The entries below are to be printed again word for word.

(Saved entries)
-------

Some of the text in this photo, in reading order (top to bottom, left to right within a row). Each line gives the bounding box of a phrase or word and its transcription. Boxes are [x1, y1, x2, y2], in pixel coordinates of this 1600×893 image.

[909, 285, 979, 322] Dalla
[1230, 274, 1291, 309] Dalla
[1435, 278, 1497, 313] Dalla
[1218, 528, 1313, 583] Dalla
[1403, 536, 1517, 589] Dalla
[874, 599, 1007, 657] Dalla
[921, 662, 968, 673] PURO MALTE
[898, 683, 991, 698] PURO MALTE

-------

- **TASK RESULT**
Some of the text in this photo, in reading order (top to bottom, left to right within a row). Each line gives the bounding box of a phrase or word and its transcription. Boxes are [x1, y1, x2, y2], in pixel coordinates of this 1600×893 image.

[909, 285, 979, 322] Dalla
[1230, 274, 1291, 309] Dalla
[1435, 278, 1497, 313] Dalla
[1218, 528, 1313, 583] Dalla
[1403, 536, 1517, 589] Dalla
[874, 599, 1007, 657] Dalla
[921, 662, 968, 673] PURO MALTE
[898, 683, 991, 698] PURO MALTE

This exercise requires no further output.